A faithful copy of the listing below is needed, one that contains no pictures.
##### Raw data
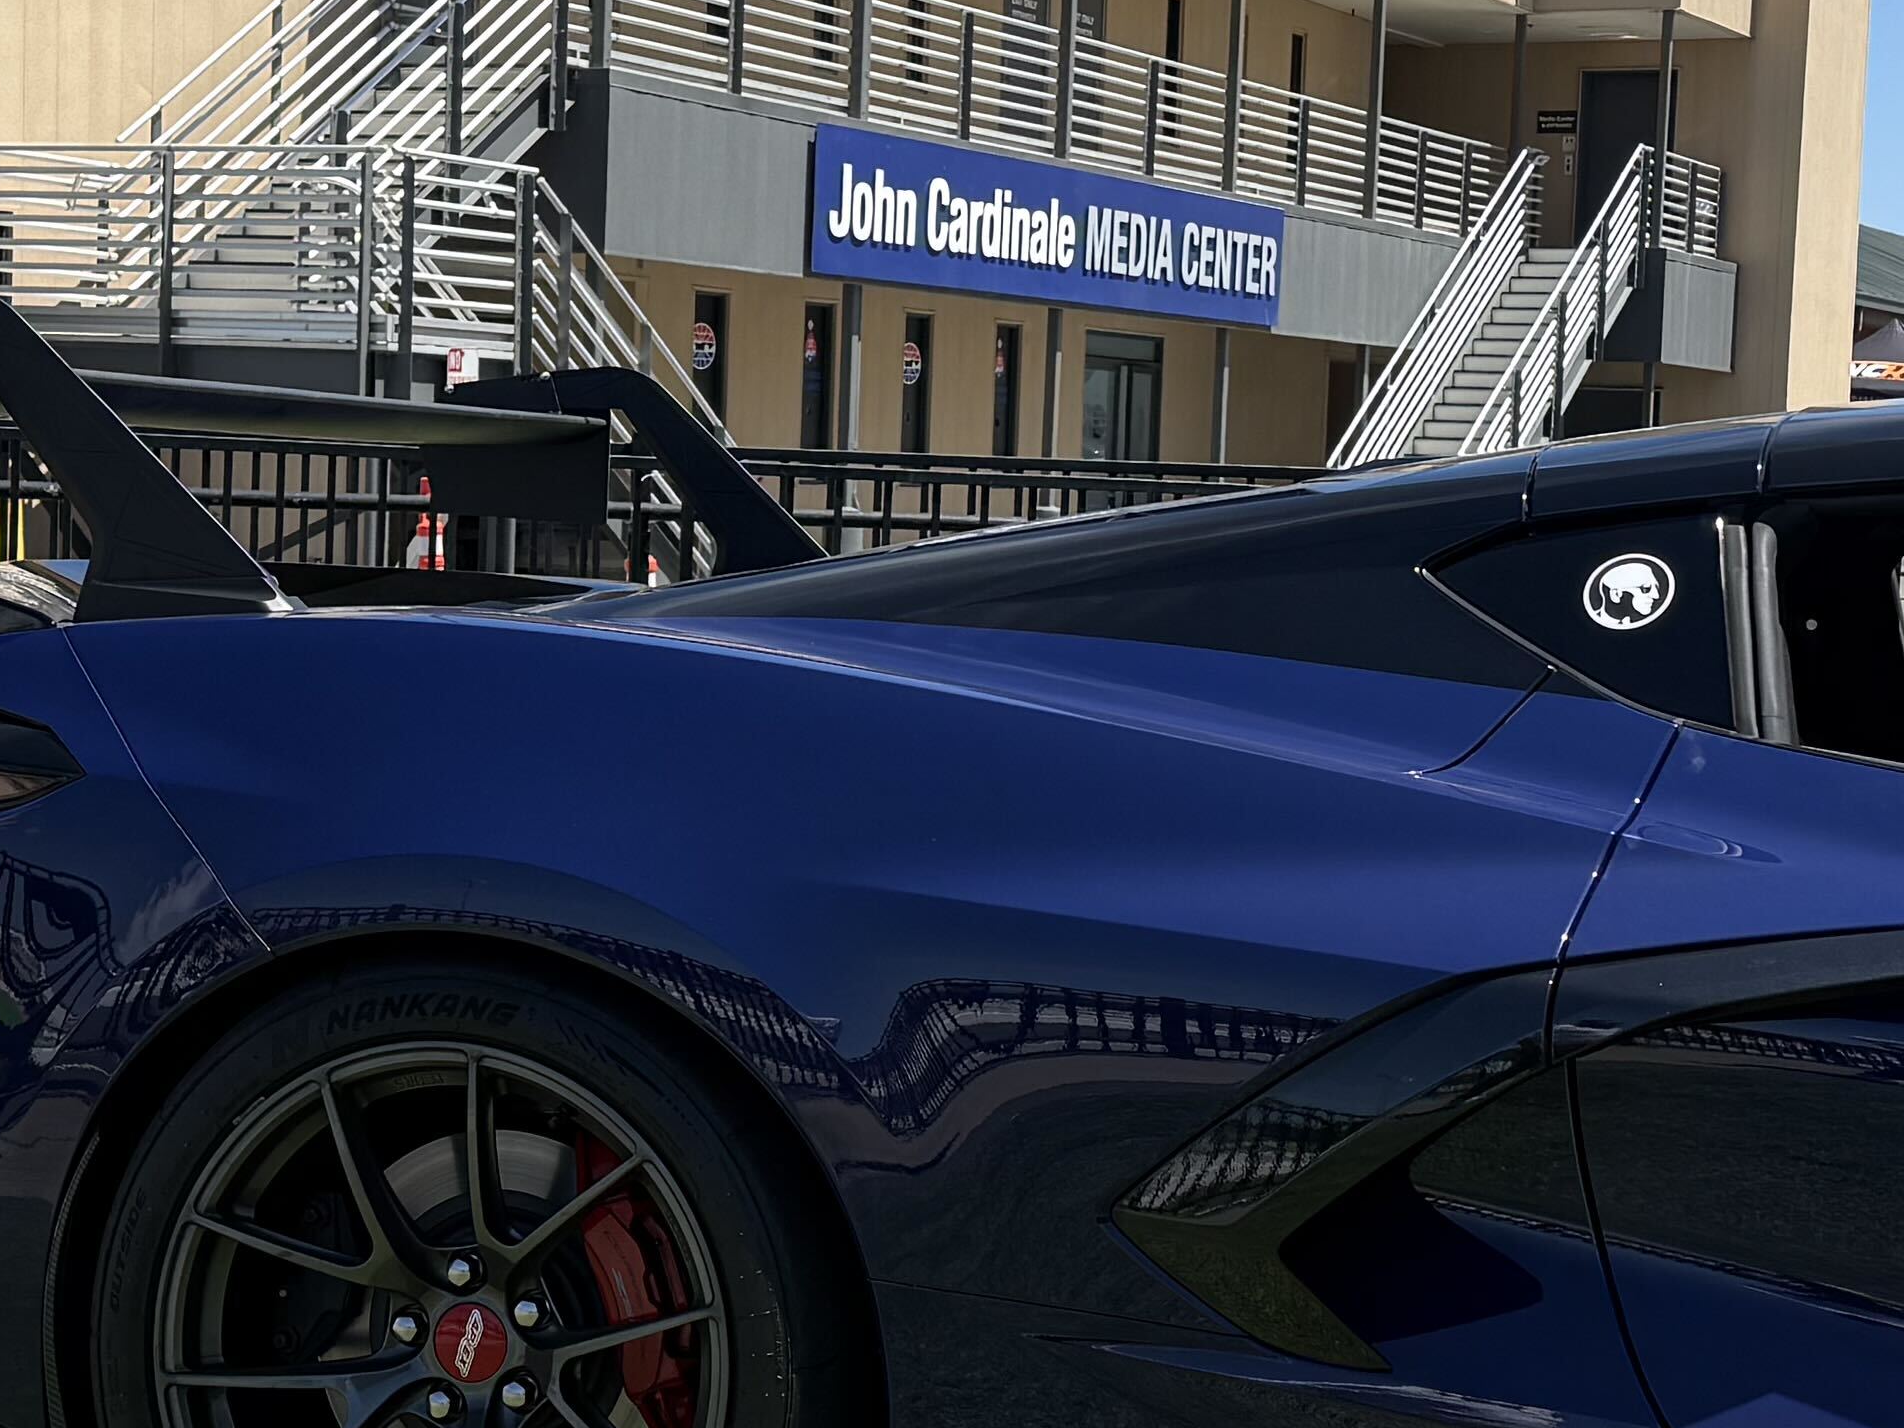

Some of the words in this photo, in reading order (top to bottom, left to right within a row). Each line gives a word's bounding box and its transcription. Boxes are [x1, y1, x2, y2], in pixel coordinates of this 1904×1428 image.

[829, 162, 917, 247] John
[927, 177, 1076, 268] Cardinale
[1084, 205, 1174, 283] MEDIA
[1181, 222, 1278, 296] CENTER
[326, 992, 521, 1035] NANKANG
[110, 1188, 147, 1314] OUTSIDE
##########
• Written solution:
Some of the words in this photo, in reading order (top to bottom, left to right within a row). Each line gives a word's bounding box and its transcription. Boxes are [x1, y1, x2, y2], in pixel coordinates of this 1904×1428 image.

[829, 162, 917, 247] John
[927, 177, 1076, 268] Cardinale
[1084, 205, 1174, 283] MEDIA
[1181, 222, 1278, 296] CENTER
[326, 992, 521, 1035] NANKANG
[110, 1188, 147, 1314] OUTSIDE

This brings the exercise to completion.